I think many of us can see ourselves in this album, with themes such as expectations and failure heavily weighing down upon everyone. I also love how Juliana Hatfield unabashedly recognizes her flaws, which are comparatively a lot less significant in respect to the ridiculous societally-imposed standards women are burdened with. She is definitely not afraid to call people out for being oppressive, either. There is a sense of urgency to her work, and a desire to be understood as not only a musical artist, but a woman and human being.
Quite a few of Hatfield’s songs can be considered anthemic, and I find them unique in the sense that she can discuss serious social issues yet still remind us that it is okay to have fun, especially if you are directly affected by such issues. The album ends with a tune entitled “Do It to Music,” reiterating the therapeutic qualities of music, or passions in general. Instrumentally, this album is also incredible, guitar and noise both supporting Hatfield’s radical inquiry. During “Broken Doll,” my fave track, there’s a distorted piano?! How awesome is that!
If you are into screamy, dancy, wonderfully whiny riot grrl-esque, pop-punkish rock, this is an album you’ll want to hear. Please, please, listen to Weird! Here is a short description of each song for your reading pleasure.
- Staying In - Love the instrumentals, good for any rock playlist.
- It’s So Weird - “‘Don’t you need romance?’ And I told him no, I don’t.” “Then he asked me ‘don’t you ever need someone to put your arms around?’” An anthem for women who want the world to know they are doing just fine on their own. “You can do anything that you want when you don’t belong to anyone.”
- Sugar - “Sugar it’s so hard to hold on, it’s so hard to let go.” Relatable content.
- Everything’s For Sale - Good social commentary, but not the best song on the album in my opinion.
- All Right Yeah - I feel like it could have had more energy, but the lyrics are kind of fun. It has a lot of potential but flopped a bit. I was expecting something incredibly riotous to happen and it did not.
- Broken Doll - Love at first listen. Everything is wrong in life and she is not trying to hide it at all. Essentially she is exposing herself and revealing a layer of humanity. There’s definitely some noise going on, and it one point a distorted piano sound comes in. So far it is my favorite off the album.

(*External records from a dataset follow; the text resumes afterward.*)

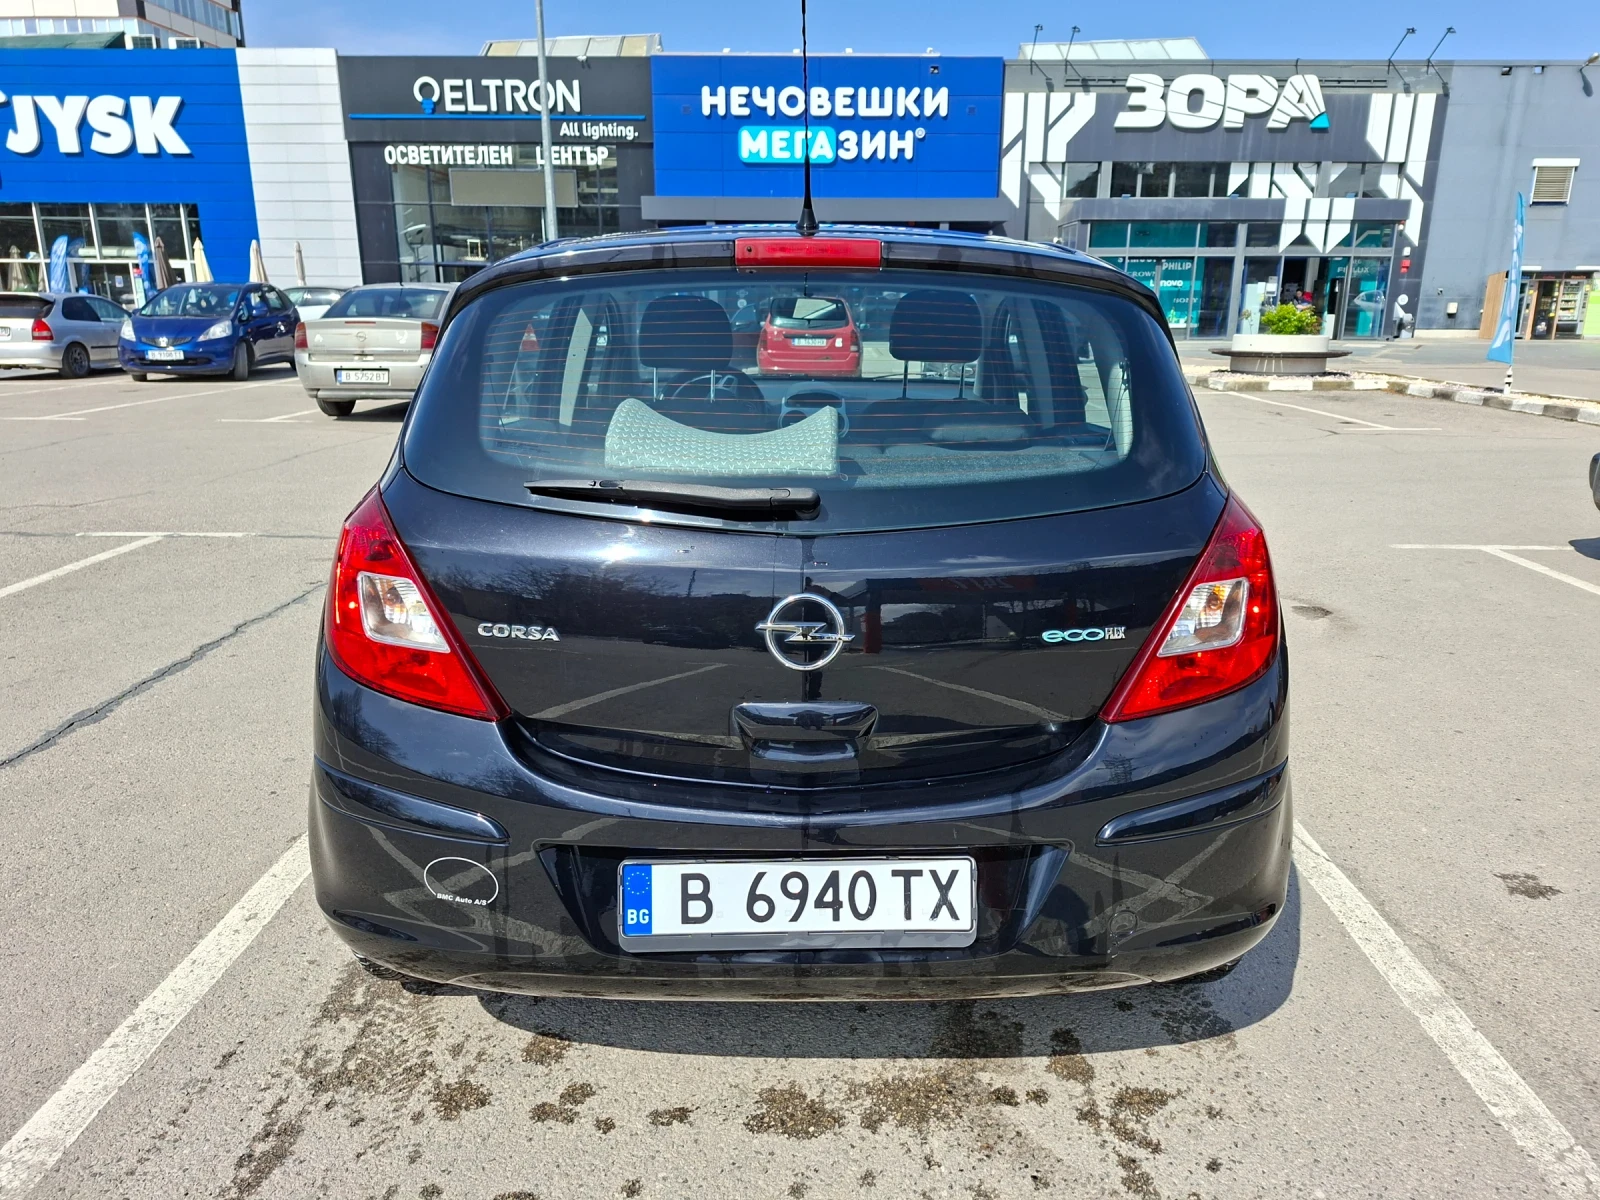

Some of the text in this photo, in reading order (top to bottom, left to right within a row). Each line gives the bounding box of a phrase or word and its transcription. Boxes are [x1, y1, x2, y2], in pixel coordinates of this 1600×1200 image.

[701, 85, 949, 118] НЕЧОВЕШКИ
[1113, 73, 1330, 129] ЗОРА
[6, 94, 191, 155] JYSK
[559, 122, 639, 141] All lighting.
[384, 145, 513, 166] ОСВЕТИТЕЛЕН
[1162, 262, 1192, 271] PHILIP
[1149, 279, 1184, 287] Lnovo
[477, 623, 560, 642] CORSA
[436, 892, 454, 901] BMC
[455, 896, 473, 904] Auto
[680, 869, 961, 925] B 6940 TX
[627, 909, 650, 925] BG
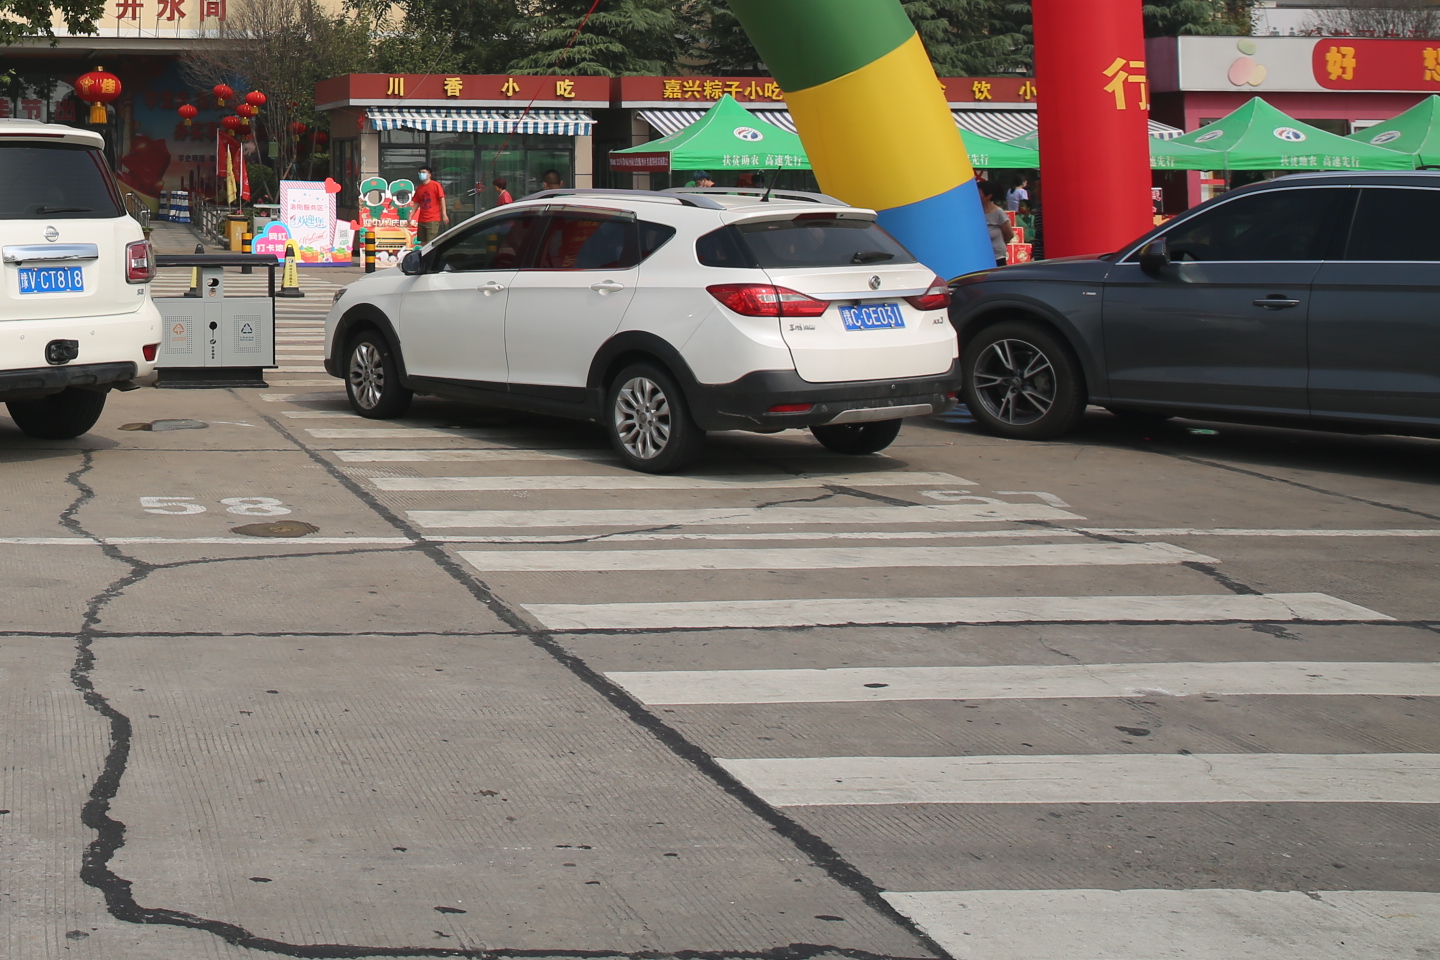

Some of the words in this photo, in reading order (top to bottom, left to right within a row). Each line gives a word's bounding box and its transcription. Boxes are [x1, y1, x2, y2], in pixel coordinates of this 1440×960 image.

[101, 78, 116, 94] 佳
[387, 76, 577, 100] 川香小吃
[662, 79, 784, 101] 嘉兴粽子小吃
[722, 154, 760, 166] 扶贫助农
[765, 154, 802, 166] 高速先行
[1280, 155, 1317, 167] 扶贫助农
[1322, 155, 1360, 168] 高速先行
[289, 203, 324, 212] 洛阳服务区
[268, 232, 287, 241] 网红
[256, 243, 286, 253] 打卡地
[140, 496, 292, 516] 58

- Receiver - Nice steady beat in the beginning, soft yet sinister sounding. She is asking us to question ourselves, who we trust, our relationships, etc. I love the guitar towards the end, I think that these expertly instrumentals support Hatfield’s inquiry.
- Lost Ship - A song about wanting to live in your own world, without outside influence or oppression. She describes her ideal existence, in which she can demonstrate self-control and autonomy. A real funky tune with a great message. I might be over-analyzing it from a literary and feminist perspective but I don’t know! Bleeds into the next song.
- Paid To Lie - Ahhhh! A spade truly is a spade! She is telling it how it is! “You can call a spade a knife but anyone can see you’re paid to lie.” Calling out oppressors, politicians, and singing in the interest of those broken, beaten, and held down. Wonderful! Oh my!
- No Meaning - Comes in so strong and pleasantly loud. Almost sounds a bit like Sonic Youth. I like her vocal inflections in this song, it’s like a whine or plea. Sophisticated and interesting lyrics paired with thought-provoking instrumentals. It sounds like both she and the guitars are crying for “some kind of meaning or purpose.”
- Do It to Music - A love letter to music, how it can make sex, celebration, cleaning, crying, and everyday drudgery better. It’s a fun tune, sometimes corny and laughable but still good. Get up and dance.